(Stored items)
***
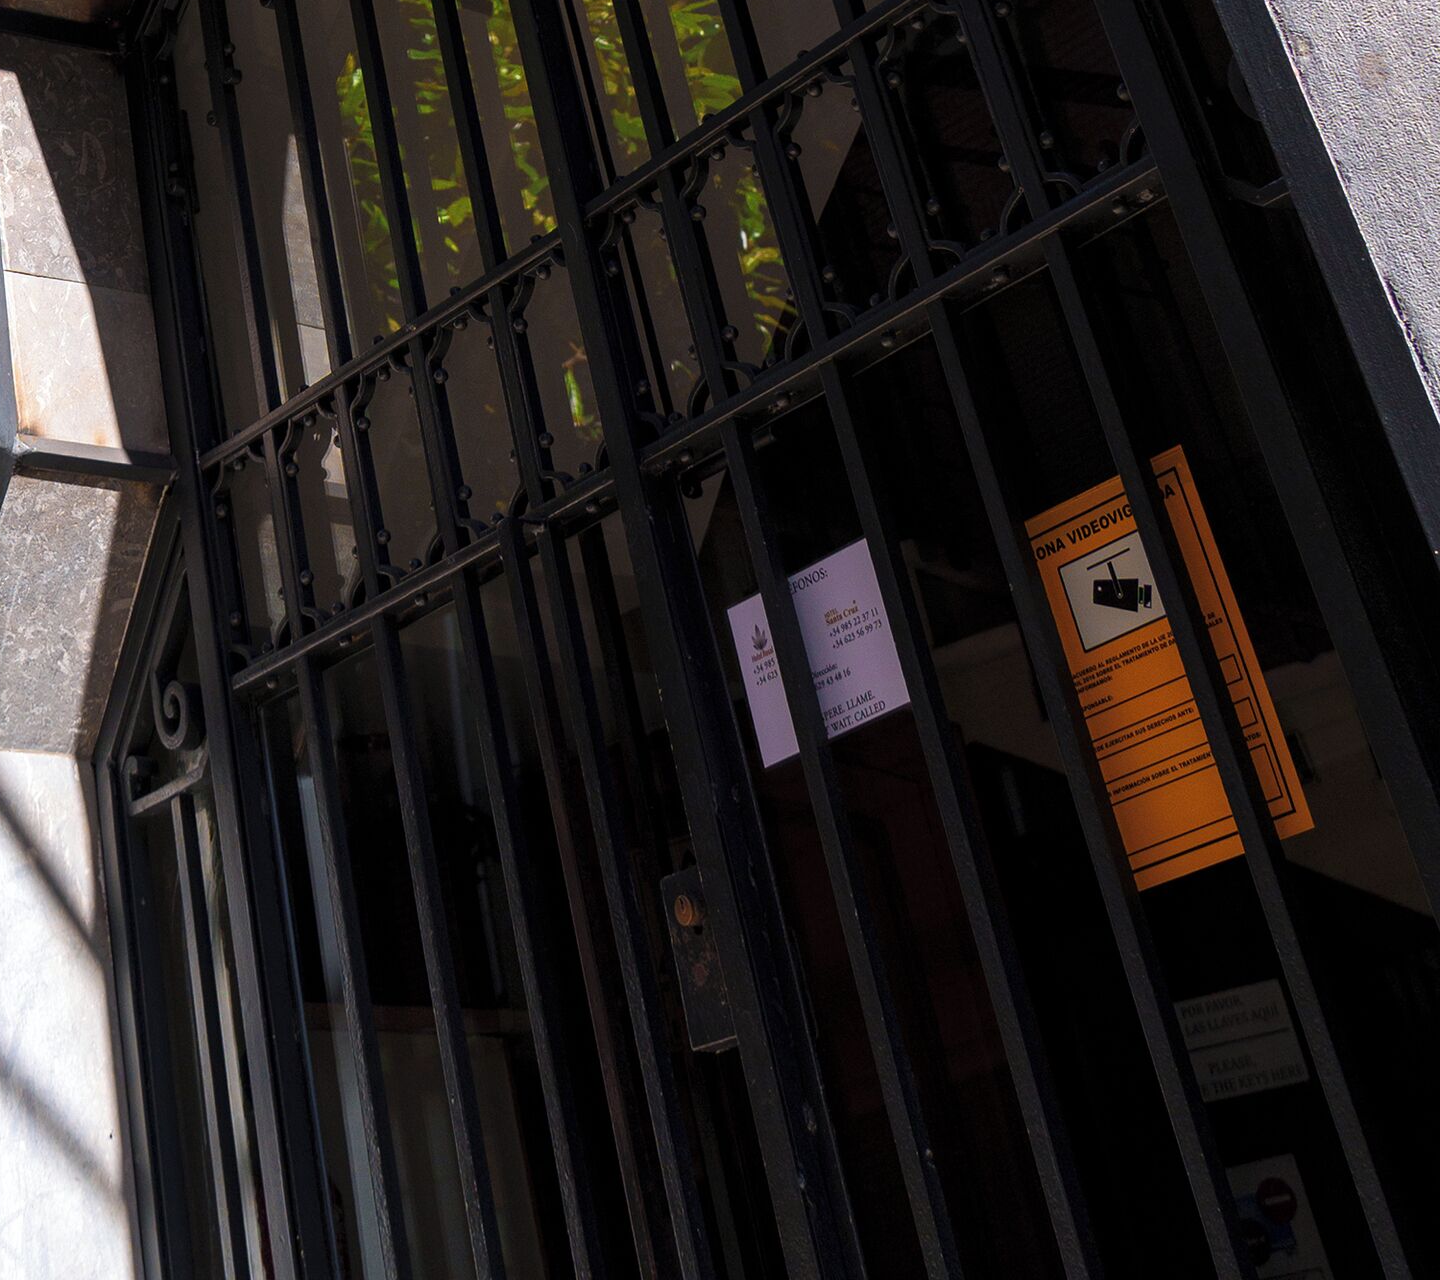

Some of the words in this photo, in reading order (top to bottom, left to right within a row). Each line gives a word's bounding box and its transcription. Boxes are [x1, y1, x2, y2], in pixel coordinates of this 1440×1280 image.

[1034, 537, 1066, 561] ONA
[825, 613, 843, 626] Santa
[843, 605, 859, 618] Cruz
[841, 619, 852, 632] 985
[853, 615, 861, 627] 22
[862, 611, 870, 622] 37
[870, 607, 879, 618] 11
[844, 632, 855, 644] 623
[856, 627, 865, 638] 56
[864, 623, 873, 634] 99
[1105, 645, 1141, 665] REGLAMENTO
[1141, 640, 1150, 649] DE
[1150, 638, 1157, 646] LA
[1121, 645, 1160, 666] TRATAMIENTO
[854, 700, 886, 722] CALLED
[1147, 715, 1177, 731] DERECHOS
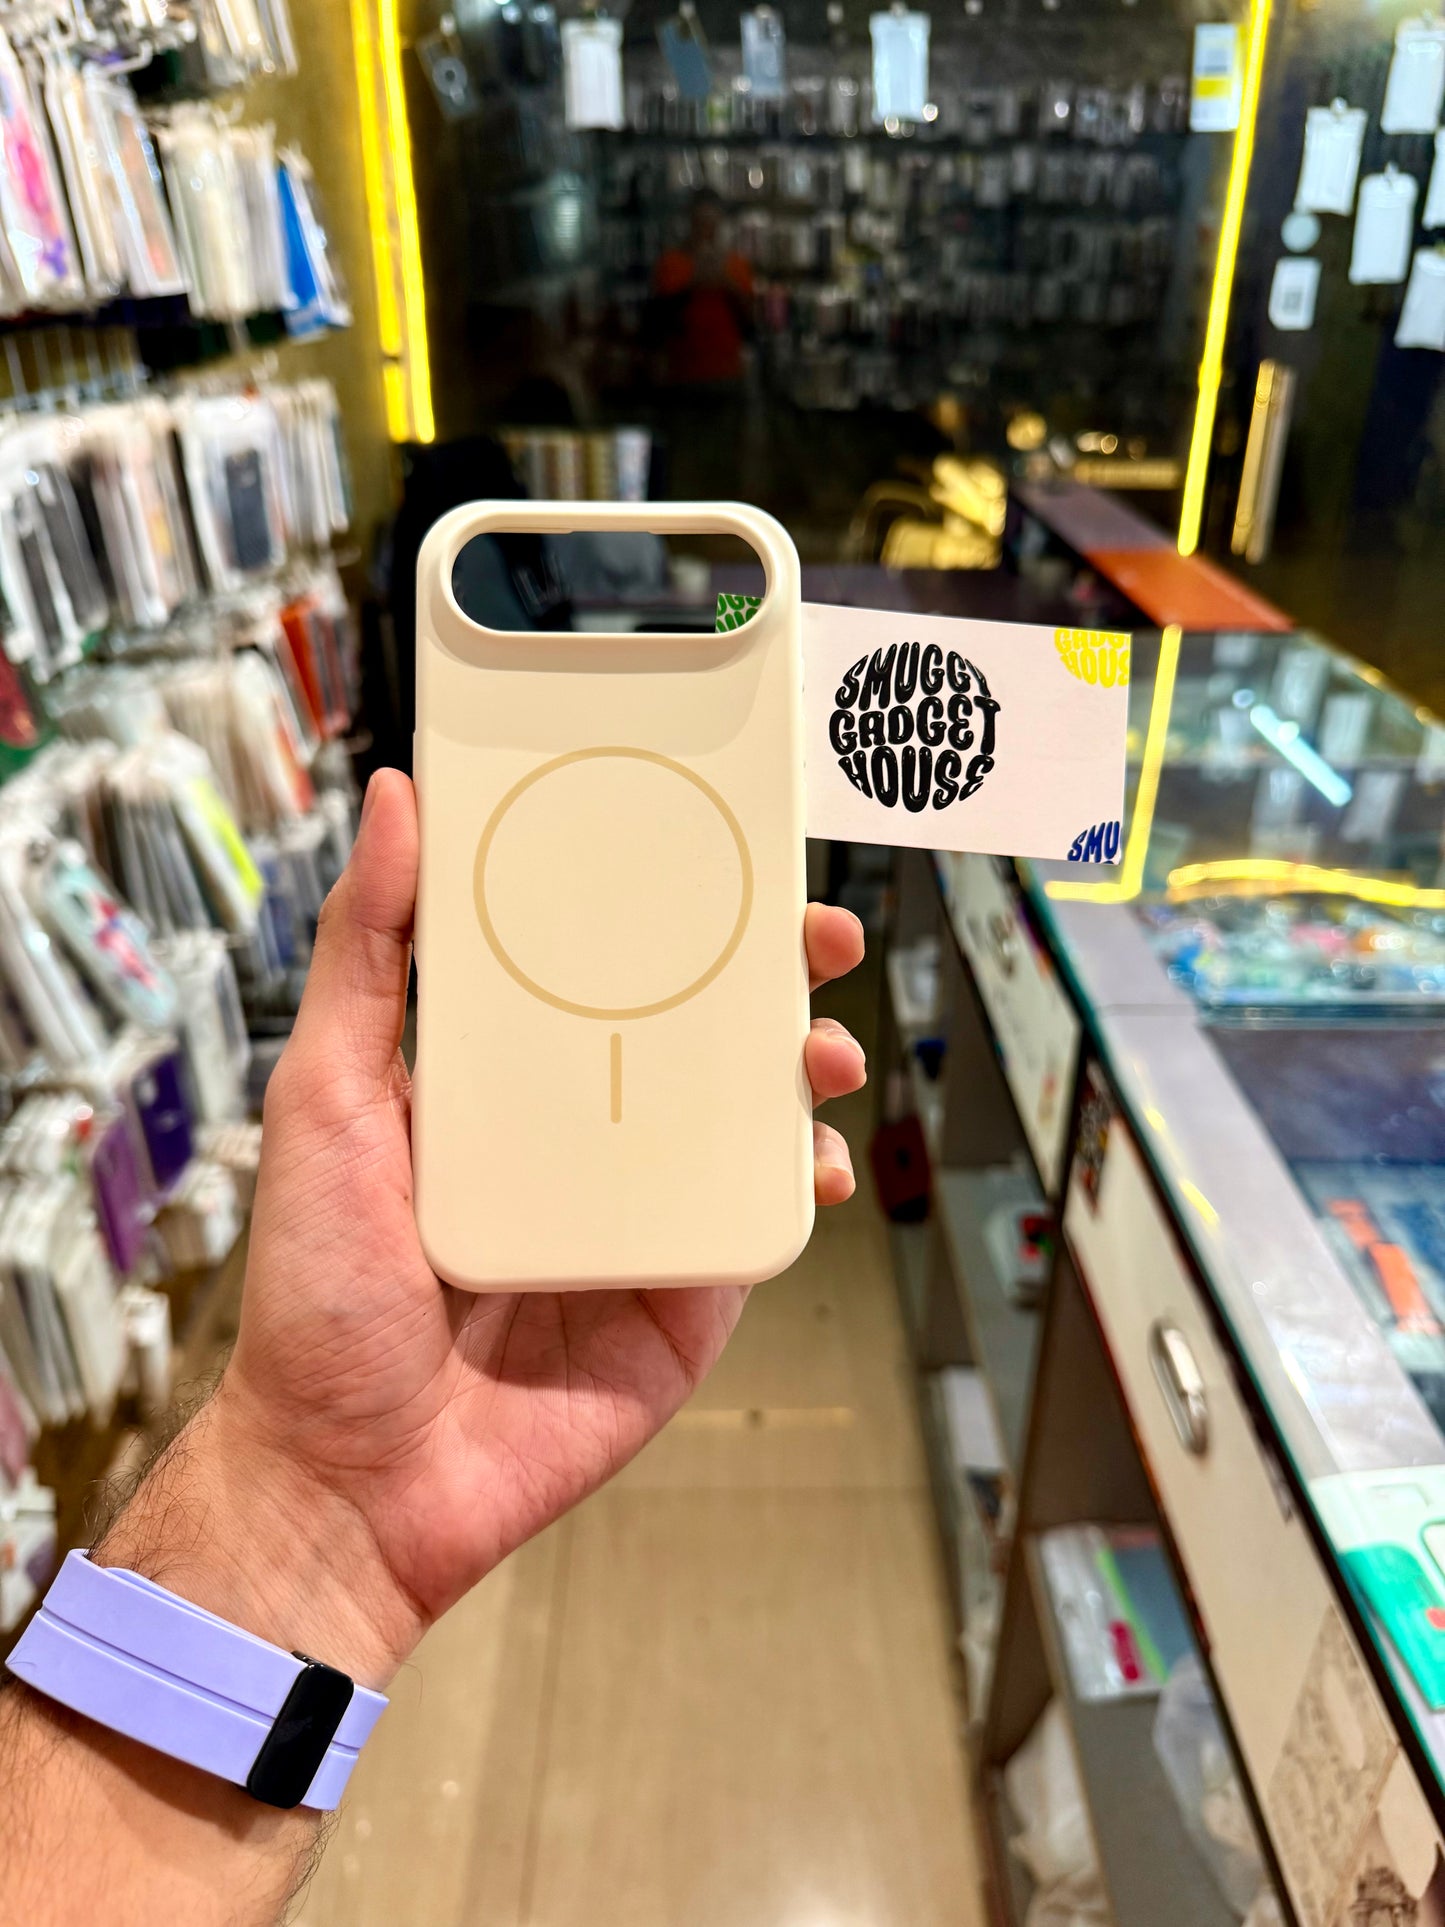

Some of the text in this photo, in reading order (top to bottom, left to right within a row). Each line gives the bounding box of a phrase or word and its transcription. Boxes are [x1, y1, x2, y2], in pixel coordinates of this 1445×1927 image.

[835, 642, 992, 711] SMUGGY
[829, 694, 1001, 756] GADGET
[838, 745, 995, 813] HOUSE
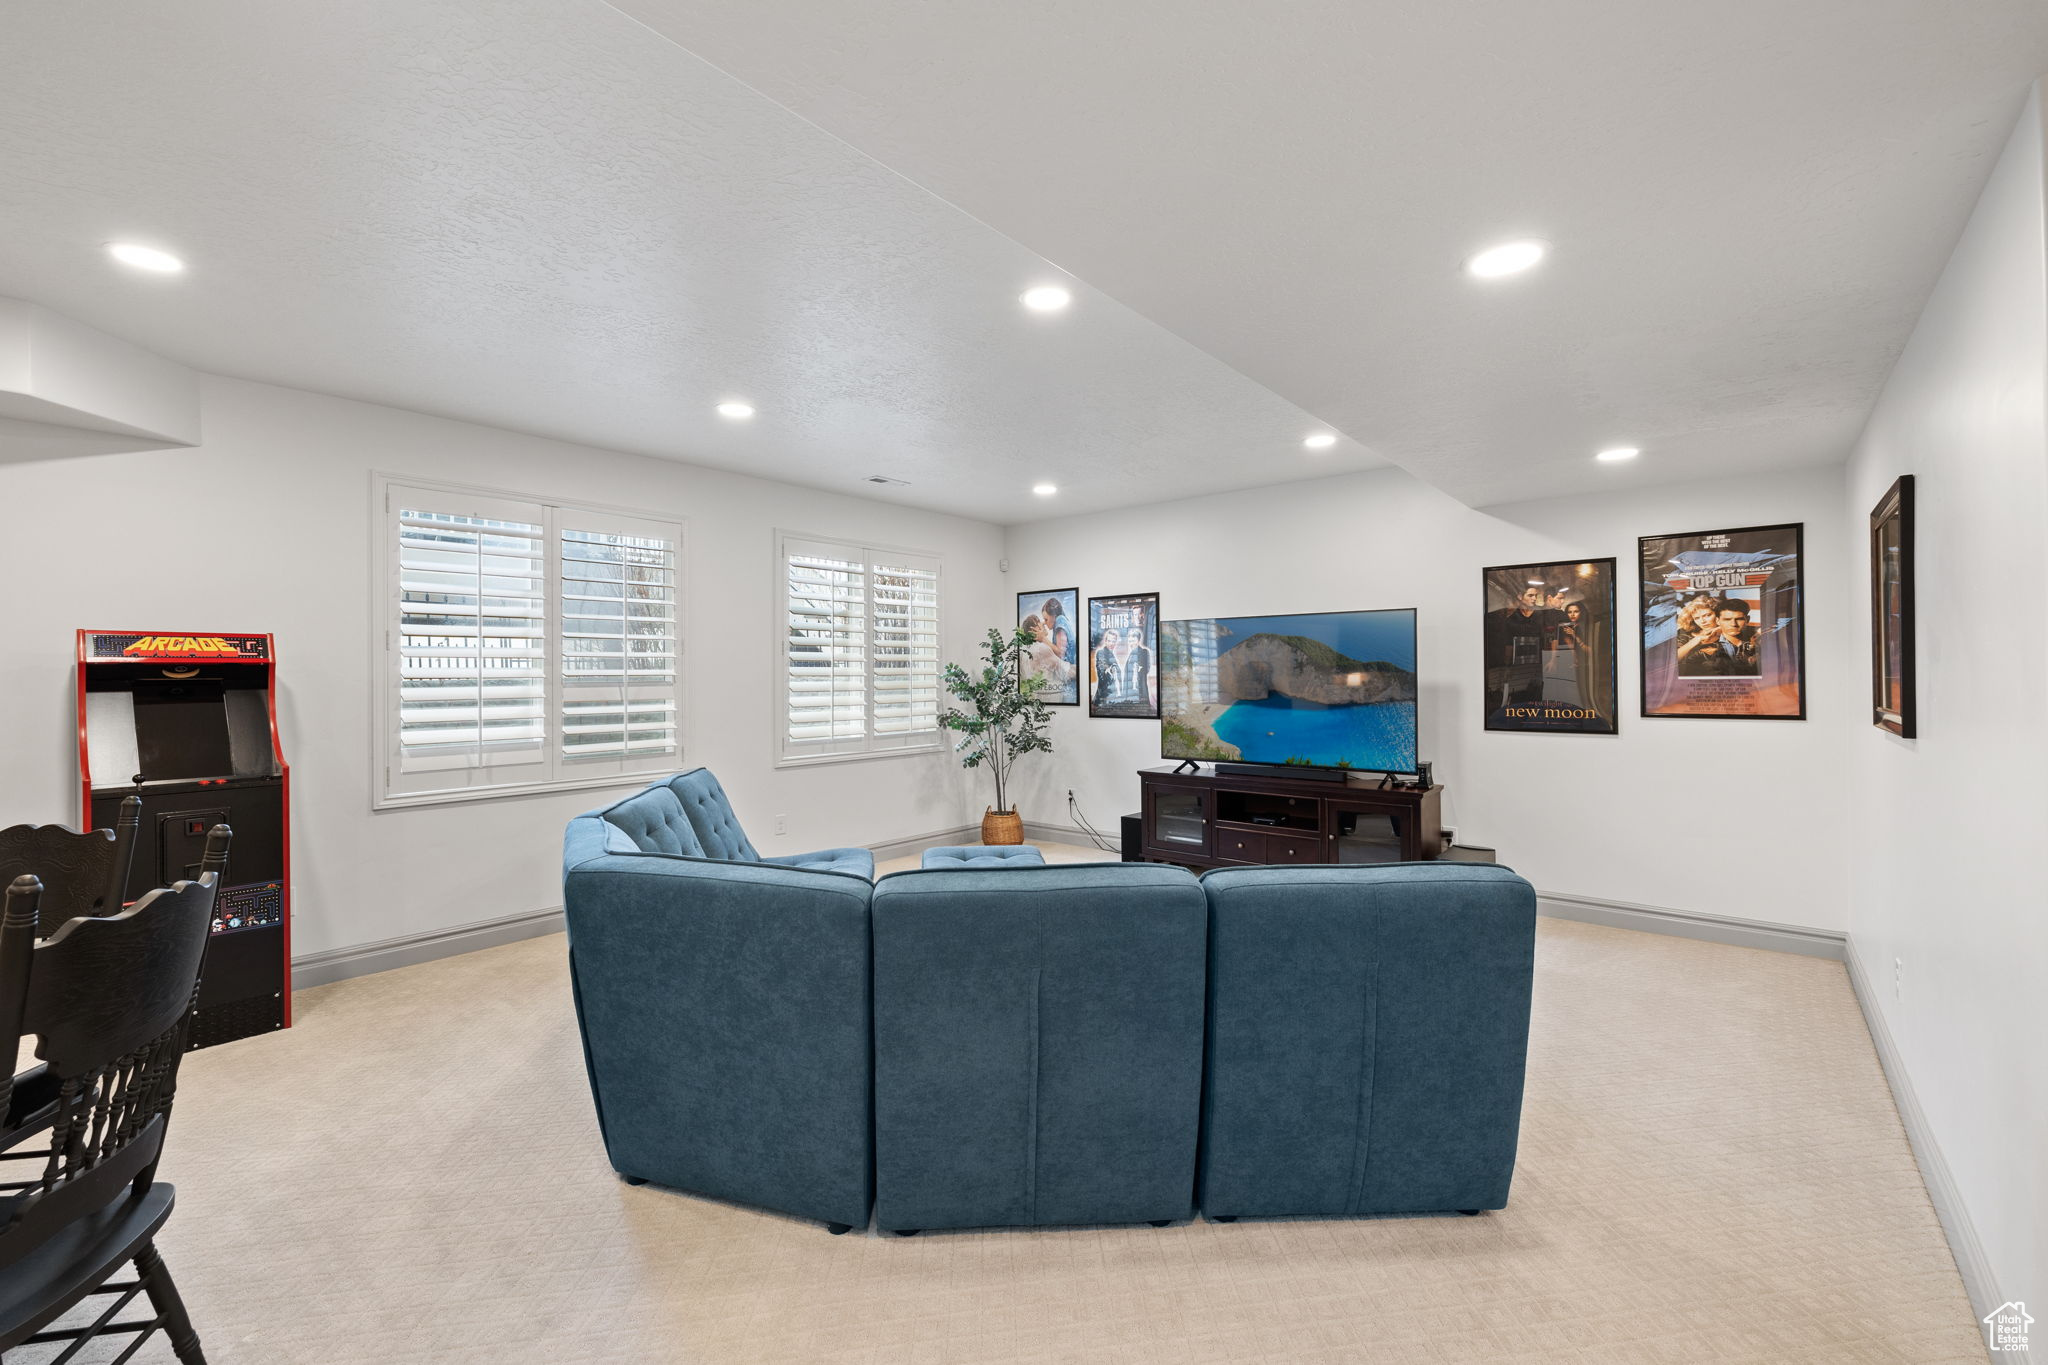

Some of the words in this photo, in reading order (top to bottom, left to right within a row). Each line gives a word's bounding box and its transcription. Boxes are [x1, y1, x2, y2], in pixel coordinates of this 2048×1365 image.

[1689, 575, 1714, 589] TOP
[1716, 573, 1746, 587] GUN
[1100, 613, 1129, 629] SAINTS
[123, 636, 239, 656] ARCADE
[1505, 708, 1540, 718] new
[1545, 708, 1596, 719] moon
***
* Task goal *
Write out again only the lines from the line that contains "Some of the text" through the last line of the records, both ends included, without any of the pictures.

* Exercise answer *
Some of the text in this photo, in reading order (top to bottom, left to right within a row). Each line gives the bounding box of a phrase or word and its transcription. Boxes are [x1, y1, x2, y2], in pixel coordinates of this 1445×1927 image.

[835, 642, 992, 711] SMUGGY
[829, 694, 1001, 756] GADGET
[838, 745, 995, 813] HOUSE

Some of the words in this photo, in reading order (top to bottom, left to right within a row). Each line gives a word's bounding box and its transcription. Boxes are [x1, y1, x2, y2], in pixel coordinates of this 2048×1365 image.

[1689, 575, 1714, 589] TOP
[1716, 573, 1746, 587] GUN
[1100, 613, 1129, 629] SAINTS
[123, 636, 239, 656] ARCADE
[1505, 708, 1540, 718] new
[1545, 708, 1596, 719] moon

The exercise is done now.